Introduction kindly written by that nutter Motherventing
Trouble Doubled – Ten reasons why Roy Wood can go and feck himself
Oh, I wish it could be Christmas everydaaaaaay. When the kids start singing and the band begins to play-ay-ay!! sings Roy Wood of glam-rock group Wizzard. For many he is THE voice of Christmas. I, for one, want to punch him in his beard-surrounded mouth.
Don’t misunderstand me – I love Christmas as much as the next 30-something, slightly-cynical female, however, I think to wish for it every single sodding day is, well, a step-too-far. Here’s why……
The Baby Wife – What’s In a Name?
Not that tradition is always a good thing. Kate Hudson’s newborn son is called Bingham. Or Bing. As in Chandler Bing. I’m not entirely sure the fact that it is Goldie Hawn’s maiden name (or that Bing is her grandfather’s name) really justifies landing the poor child with a name that no doubt will lead to endless teasing? And do you really want to be reminded of ^^^that face when you say your child’s name? I wouldn’t think so…

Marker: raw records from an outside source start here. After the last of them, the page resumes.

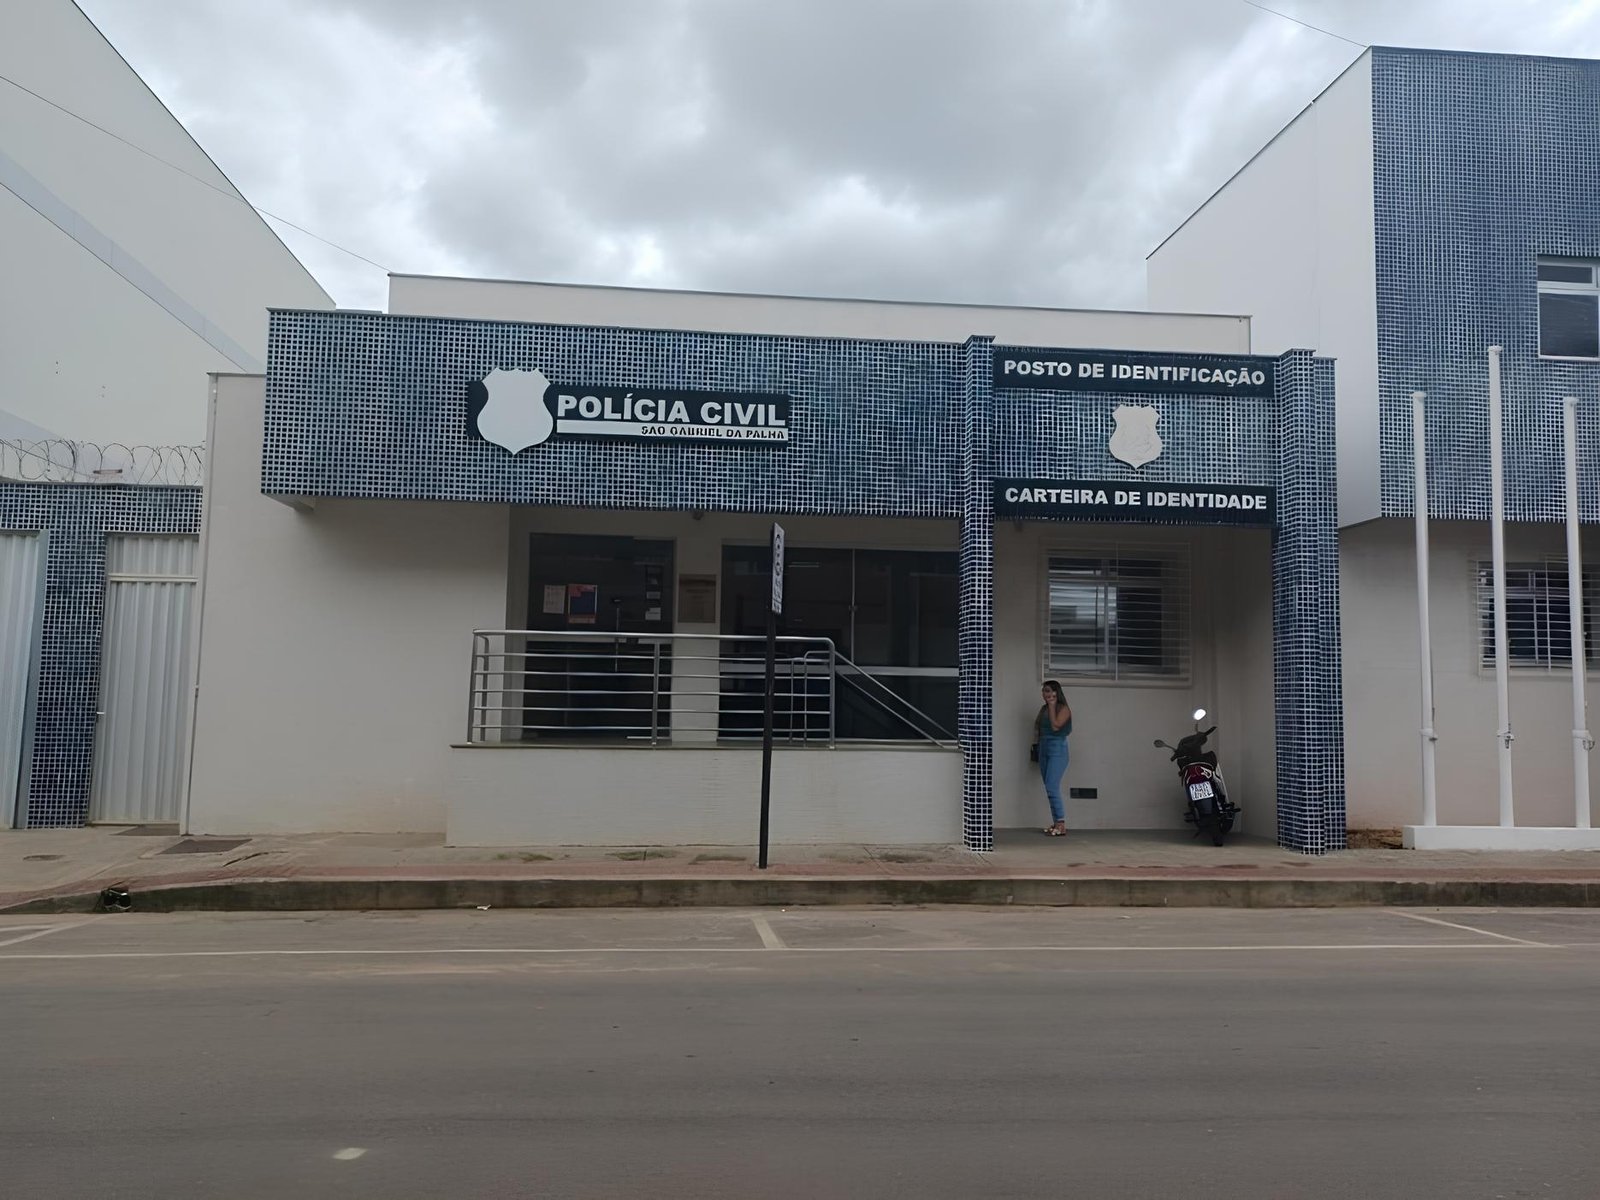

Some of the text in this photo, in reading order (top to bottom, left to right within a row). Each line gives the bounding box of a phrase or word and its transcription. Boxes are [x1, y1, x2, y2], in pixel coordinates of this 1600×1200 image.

[1004, 360, 1266, 387] POSTO DE IDENTIFICAÇÃO
[557, 393, 786, 426] POLÍCIA CIVIL
[726, 429, 742, 438] DA
[745, 430, 785, 439] PALHA
[1005, 487, 1267, 510] CARTEIRA DE IDENTIDADE
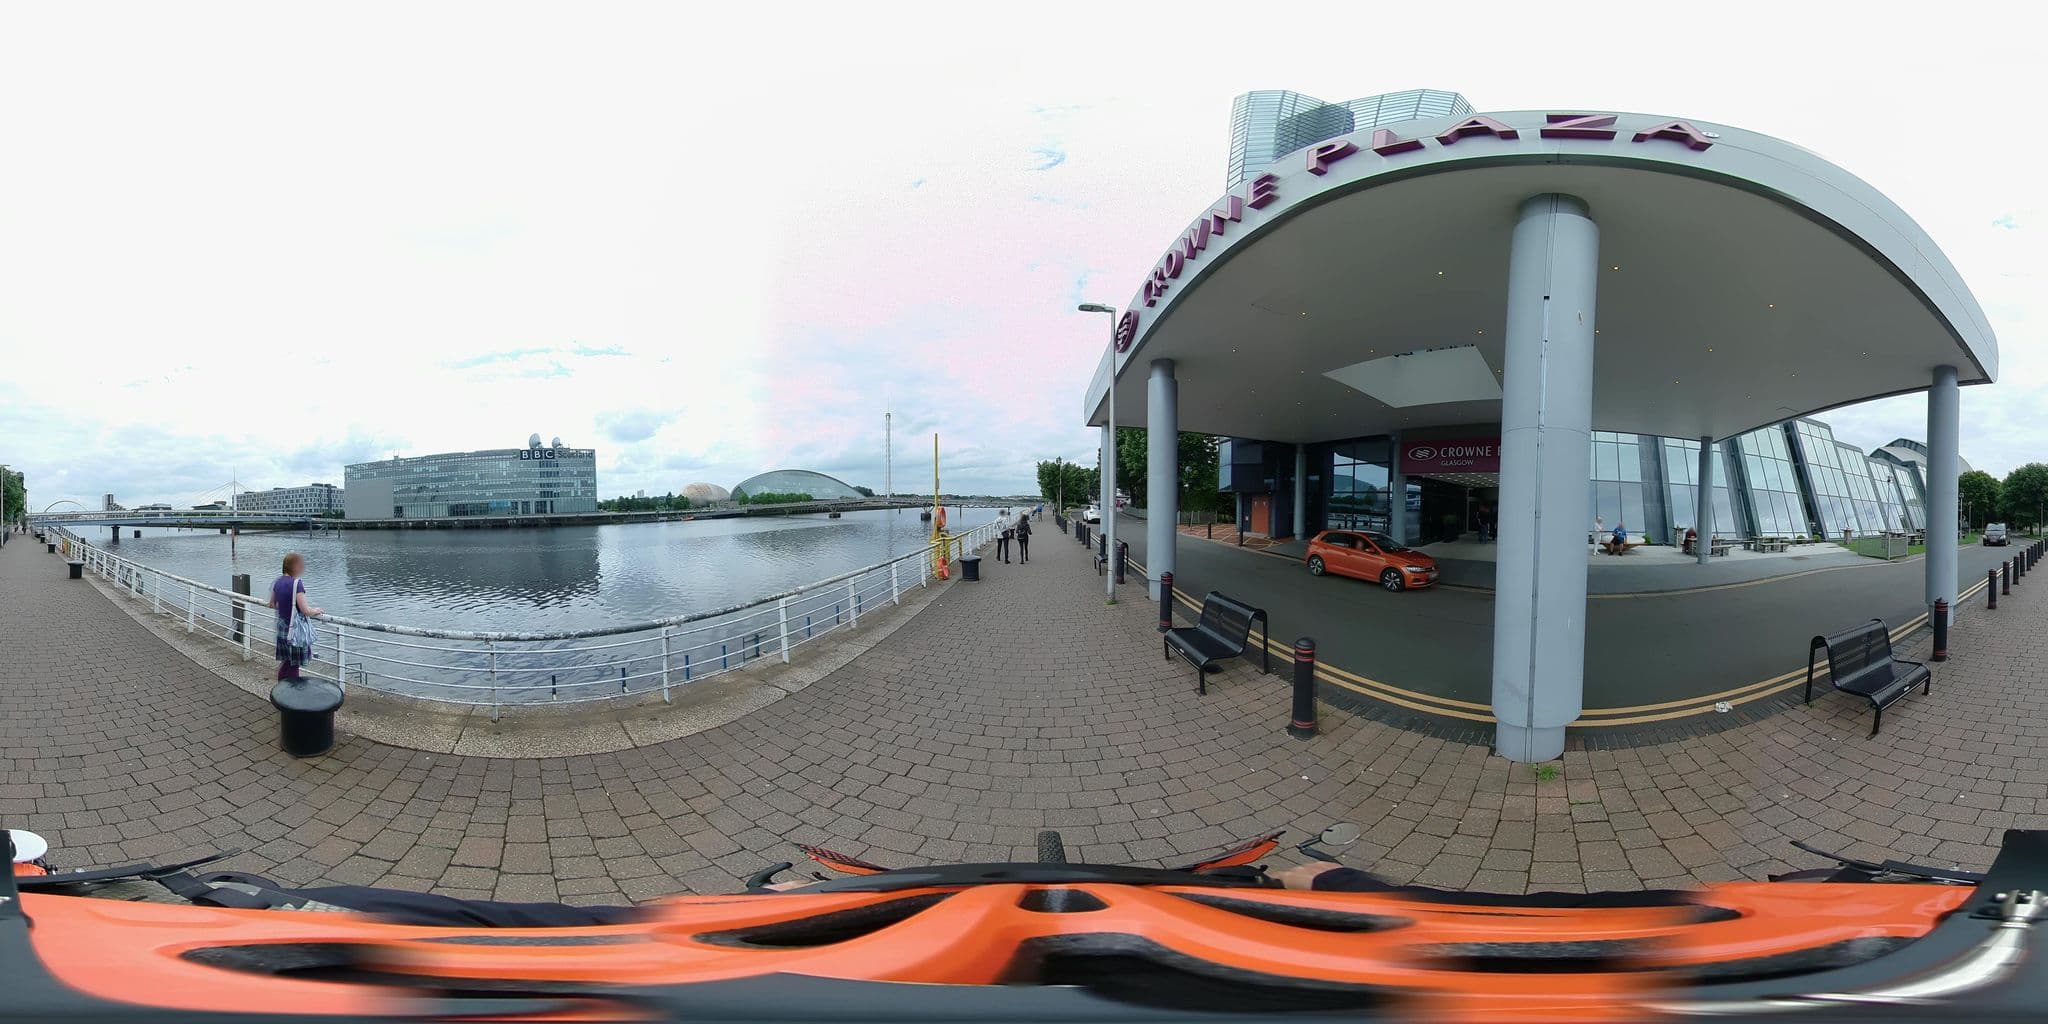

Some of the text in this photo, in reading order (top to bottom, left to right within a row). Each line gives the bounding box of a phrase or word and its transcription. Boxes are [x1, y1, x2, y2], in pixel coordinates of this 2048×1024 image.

[1142, 113, 1714, 307] CROWNE PLAZA
[521, 449, 555, 460] BBC
[1441, 446, 1492, 458] CROWNE

I’m not the only one who gets upset by bad baby names…..
Flossing the Cat – Dear Boss
My partner excels at romantic gestures. This year he bought me a book, wrapped in the prettiest red paper, with the magical word ‘Love’ in the title. Now I know what you’re thinking. Is it ‘Love in the Time of Cholera’ by Gabriel Garcia Marquez? Is it ‘Love’ by Toni Morrison? Well no, it isn’t either of these. Great works of literary fiction only claim to change your life; my partner has bigger ambitions. His gift was a self-help book that will change my life for real. A book called ‘How to Get A Job You’ll Love’.
Polythene Pram – Slipper Rage
I brought my Dad slippers for his birthday.

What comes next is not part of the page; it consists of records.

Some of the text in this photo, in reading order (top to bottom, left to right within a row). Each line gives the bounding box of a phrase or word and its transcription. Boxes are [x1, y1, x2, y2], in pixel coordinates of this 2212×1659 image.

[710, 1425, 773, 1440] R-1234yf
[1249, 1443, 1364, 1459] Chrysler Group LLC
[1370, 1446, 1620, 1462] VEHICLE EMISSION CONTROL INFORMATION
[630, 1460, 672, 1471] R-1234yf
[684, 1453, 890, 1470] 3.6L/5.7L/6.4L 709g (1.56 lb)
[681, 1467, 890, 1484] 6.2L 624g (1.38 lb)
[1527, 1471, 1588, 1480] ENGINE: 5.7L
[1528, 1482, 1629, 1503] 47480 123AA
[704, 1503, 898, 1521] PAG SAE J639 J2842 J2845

Not just any old slippers either. These were super-duper ones. Ones that you could warm in the microwave and would therefore keep your toes warm on a very cold night. The website assured me it was like having your feet up in front of an open fire.
That sounds nice, I thought – thinking about my Dad’s withered old toes. That sounded like something a little old man would really like. I thought he would be happy with my gift.
I was wrong.
Multiple Mummy – Toilet humour
What is it with toddlers and their fascination with finding everything poo or wee related funny or is it just mine?

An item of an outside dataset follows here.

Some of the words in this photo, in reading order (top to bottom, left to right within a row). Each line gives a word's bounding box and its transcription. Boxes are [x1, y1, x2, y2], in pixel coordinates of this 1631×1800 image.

We are a little wee and poo obsessed in my house at the moment as I have all three using the potty! There is constant praise and now all three will applaud each other when one is done. It however does not stop there, we have poo heads, poo pies, and yesterday I was shocked to hear Noah say let’s have a squirt fight, to which Little Madam attempted to hold her pretend willy and pee like a boy!
My Funny Mummy – 15 Weeks
After what seems an eternity of sleepless nights, bleeding nipples and a complete absence of personal hygiene, Betty today becomes fifteen weeks old. (I could add smiles, cuddles and beautiful giggles, but noting these would undermine my moan. We’ll pretend they never happen.)
Now a safe distance from the reality of that horrific 37 and a half hour ordeal (YES, the half hour IS important), we last night discussed the finale to nine months of me getting my own way, and the spectacular face plant back down to reality my unpoetic, completely non fairytale, epidural spattered grunt fest actually was.
Up Yours Gina Ford – Watch Your Back 2012 – I’m Coming To Get You
Call it the sobering-up process. Call it Sandie Shaw in her hotpants on Hootenanny looking like Jessie J’s mother. Call it the sneaky side of my brain that acts like it’s trying to help me with its words of ‘advice’ but is actually just trying to screw things up (a bit like the time this girl at school suggested I’d look good with a perm when really she just wanted to get off with this boy we both liked who, it transpired, was very much not into the whole ginger-Anita-Dobson look). My mood switched.
Like this?Read more… //
Adventures of an Ordinary Parent – You know you’re watching too much Cbeebies when…
Someone asks you which band you like and, without even thinking about it, you reply, “Zingzillas”.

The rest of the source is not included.